TASK OBJECTIVE:
Once you reach the line that contains "Some of the text", retype it and each later line exactly as written, stopping only at the end of the listing.

AVAILABLE DATA:
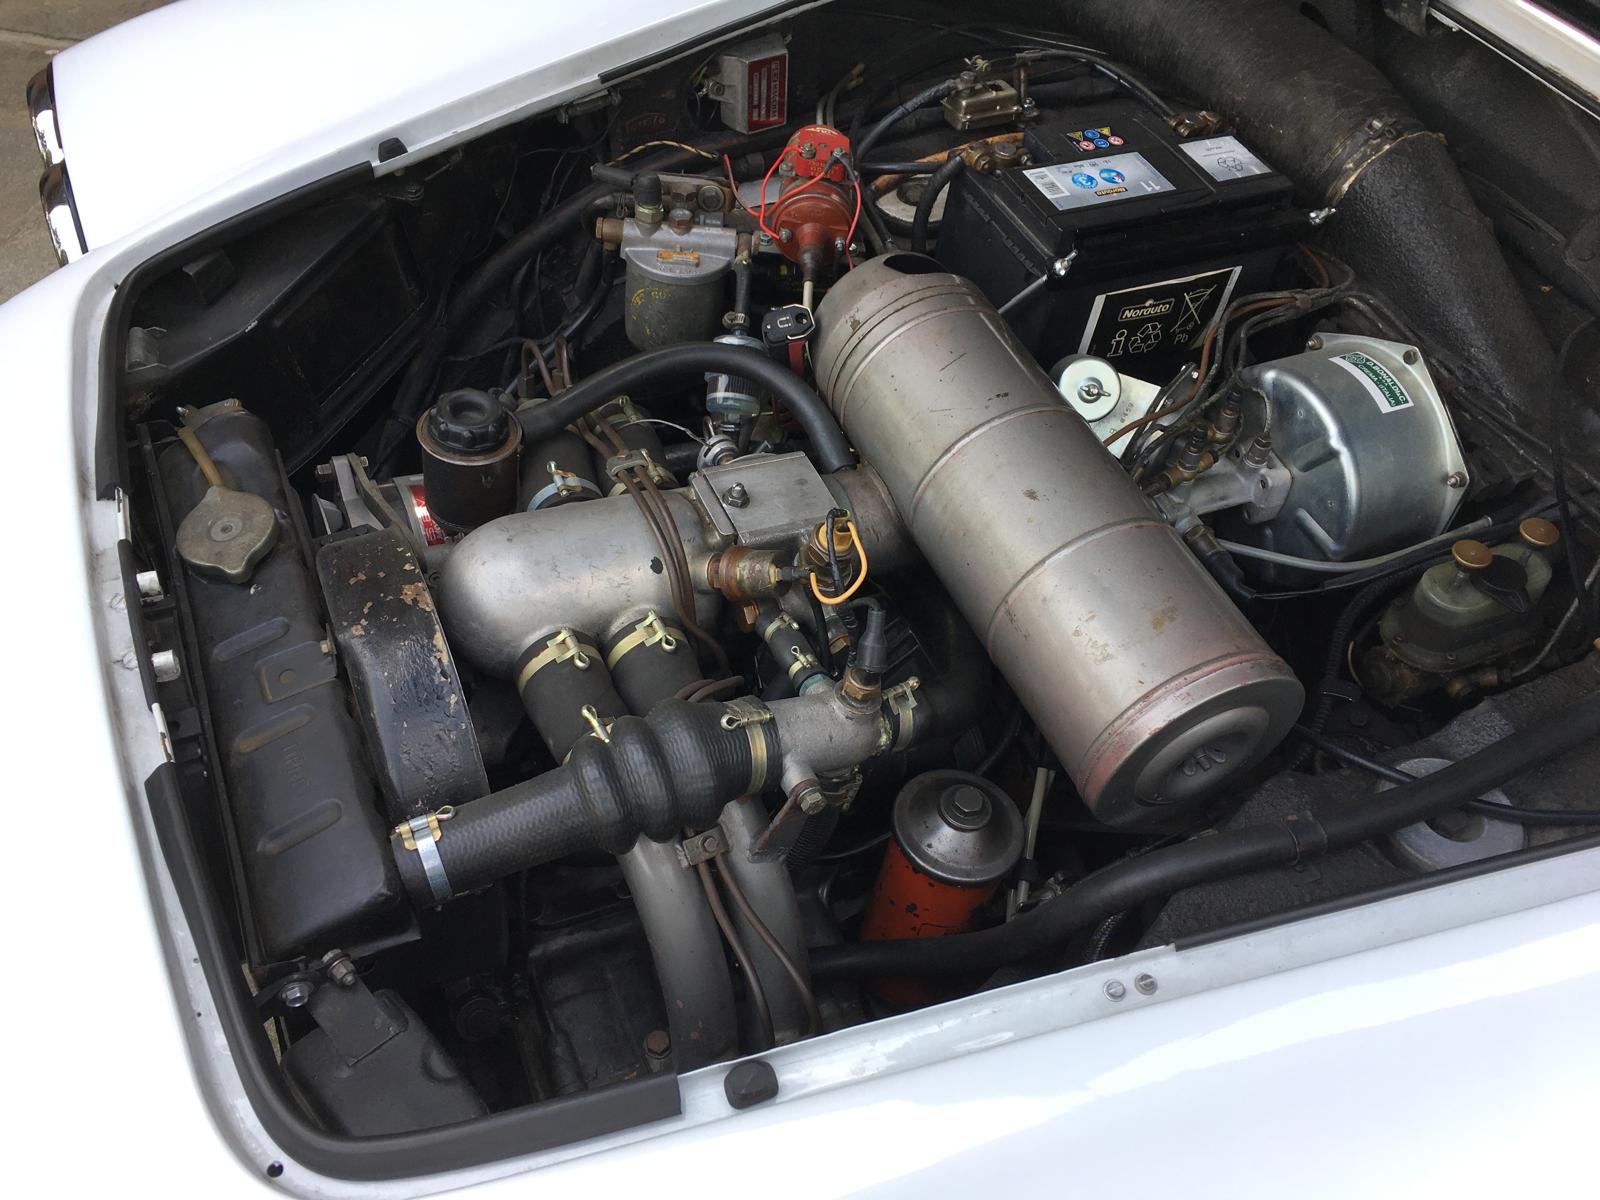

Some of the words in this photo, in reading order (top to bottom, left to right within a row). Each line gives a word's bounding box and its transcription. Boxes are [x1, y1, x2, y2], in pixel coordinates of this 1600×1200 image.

[1140, 180, 1161, 192] 11
[1121, 302, 1170, 319] Norauto
[1174, 333, 1189, 345] Pb
[1358, 364, 1378, 382] CREMA
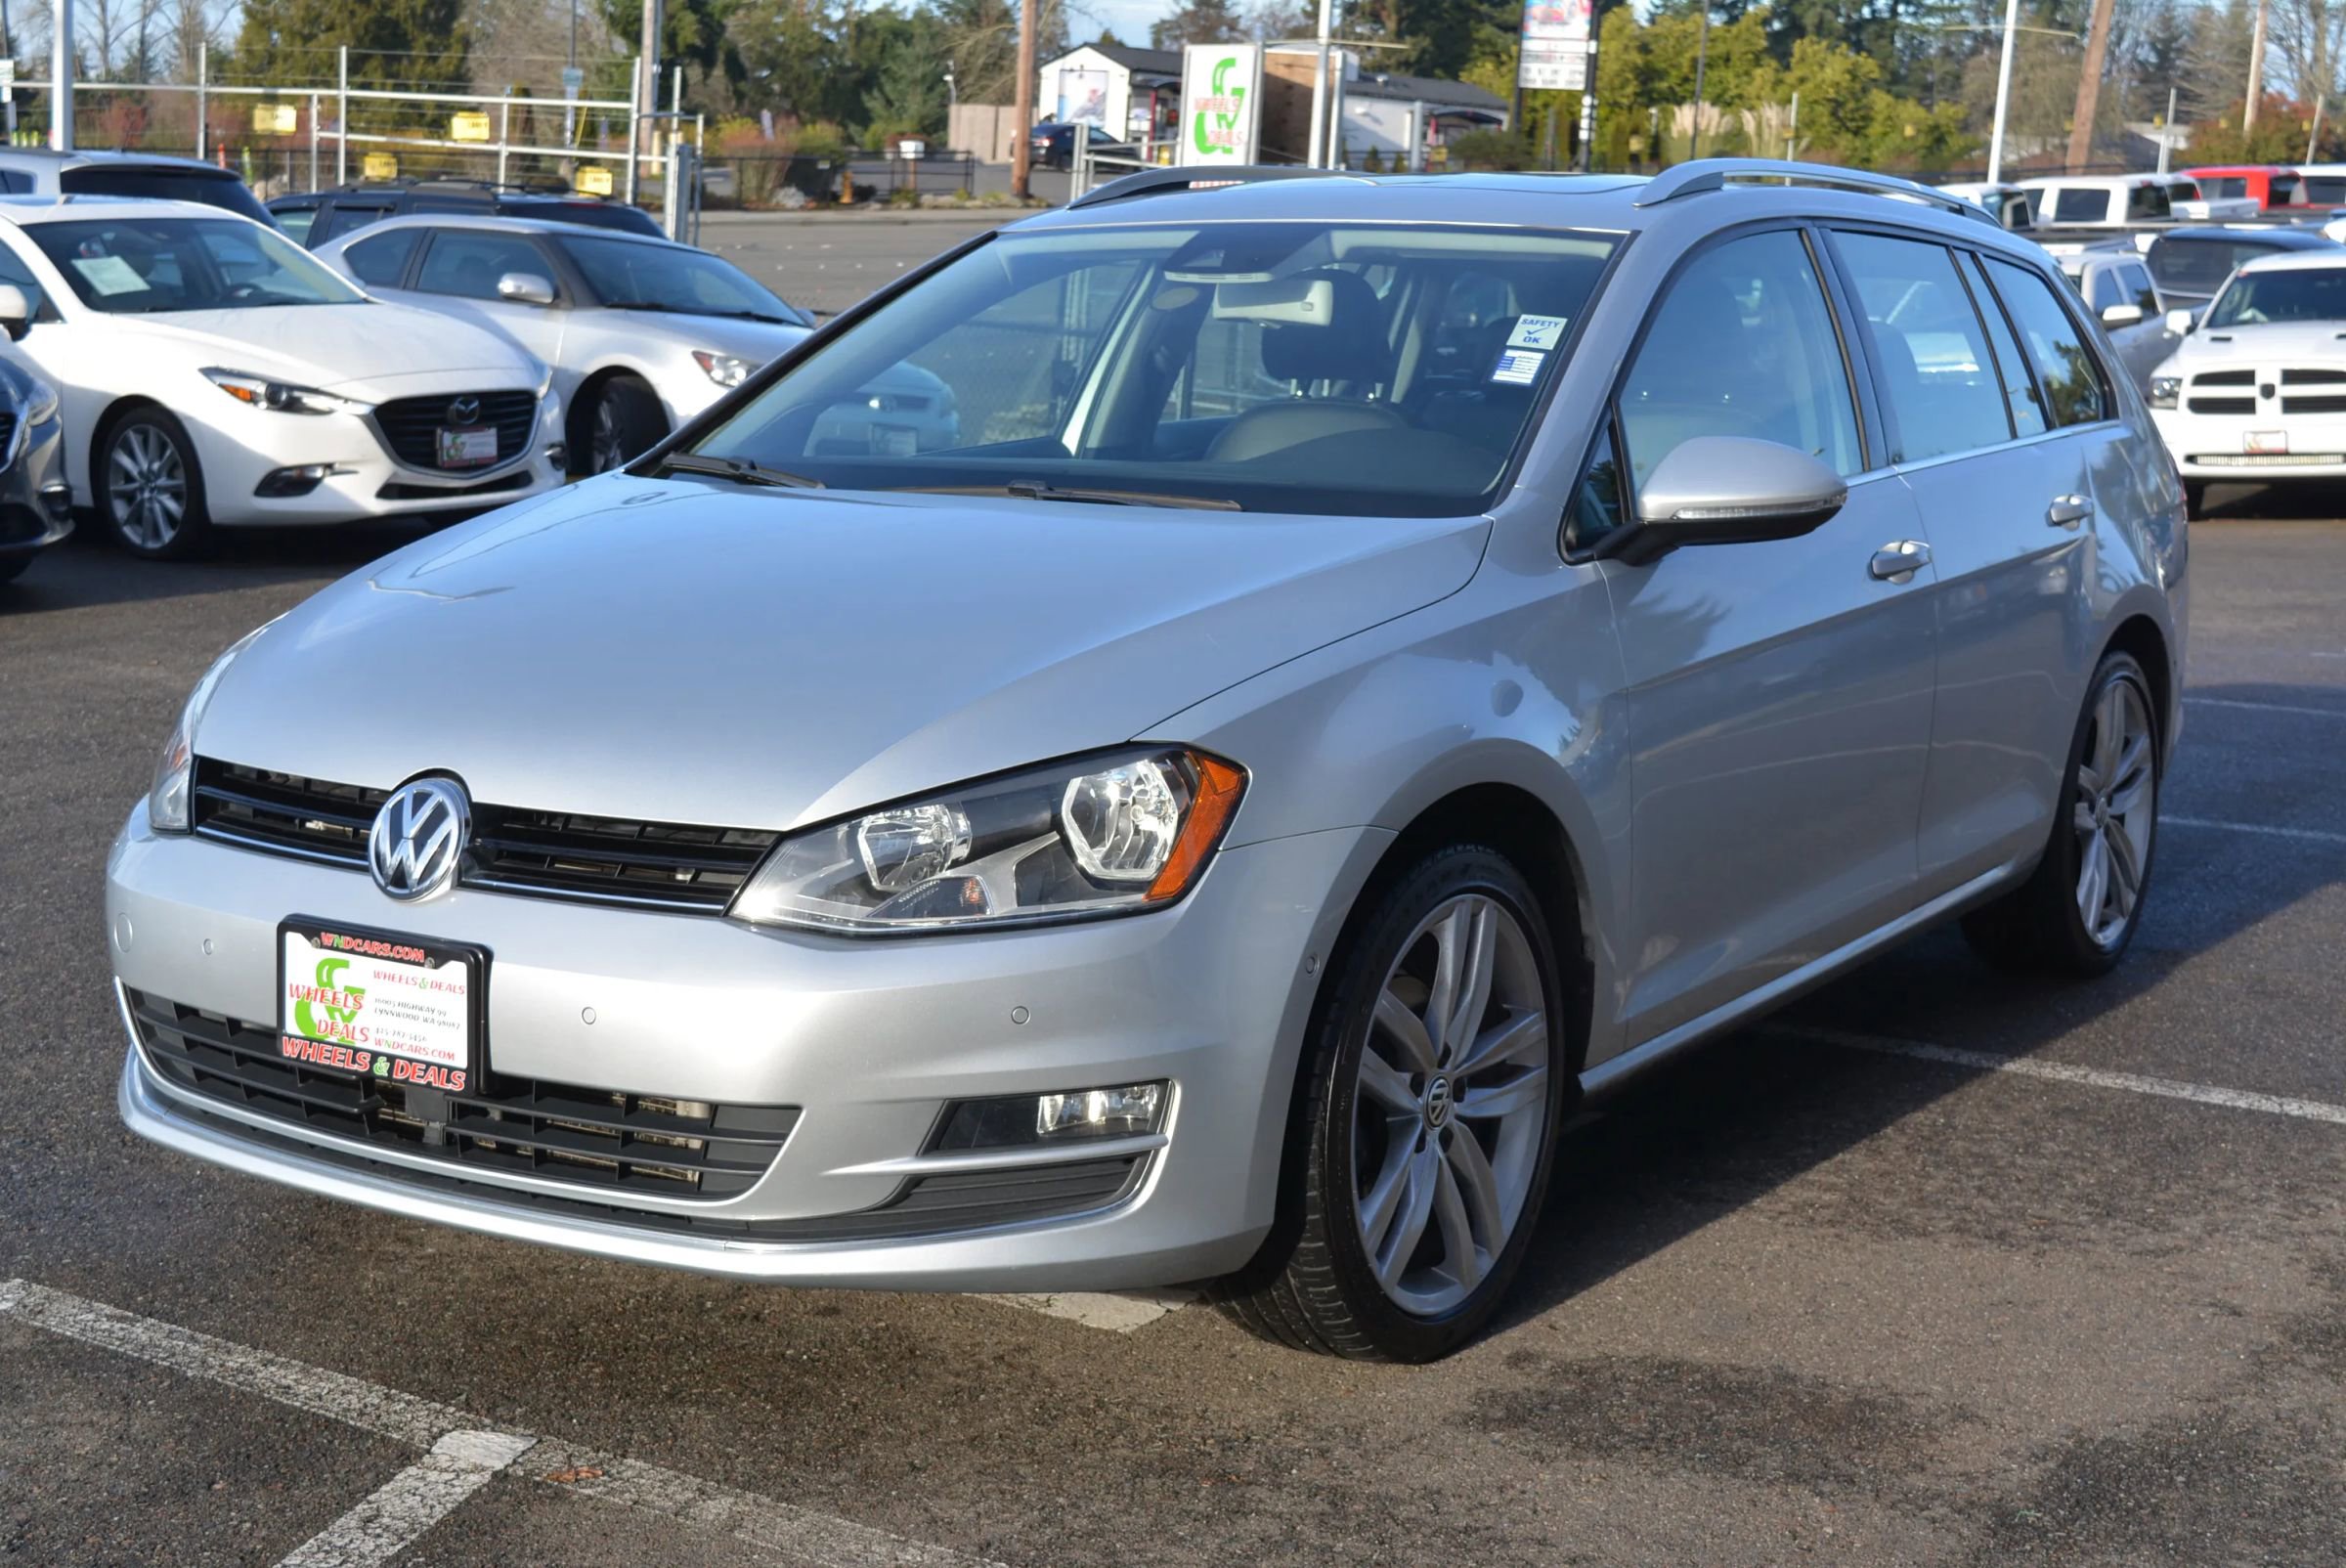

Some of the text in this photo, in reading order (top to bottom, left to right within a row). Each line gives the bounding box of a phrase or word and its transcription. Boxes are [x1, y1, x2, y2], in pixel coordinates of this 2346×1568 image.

[1521, 318, 1560, 328] SAFETY
[1523, 335, 1542, 344] OK
[321, 932, 425, 963] WNDCARS.COM
[288, 982, 365, 1011] WHEELS
[374, 1007, 420, 1023] LYNNWOOD
[422, 1016, 436, 1024] WA
[397, 1001, 436, 1015] HIGHWAY
[316, 1019, 370, 1043] DEALS
[282, 1035, 467, 1092] WHEELS & DEALS

ANSWER BOX:
Some of the text in this photo, in reading order (top to bottom, left to right within a row). Each line gives the bounding box of a phrase or word and its transcription. Boxes are [x1, y1, x2, y2], in pixel coordinates of this 2346×1568 image.

[1521, 318, 1560, 328] SAFETY
[1523, 335, 1542, 344] OK
[321, 932, 425, 963] WNDCARS.COM
[288, 982, 365, 1011] WHEELS
[374, 1007, 420, 1023] LYNNWOOD
[422, 1016, 436, 1024] WA
[397, 1001, 436, 1015] HIGHWAY
[316, 1019, 370, 1043] DEALS
[282, 1035, 467, 1092] WHEELS & DEALS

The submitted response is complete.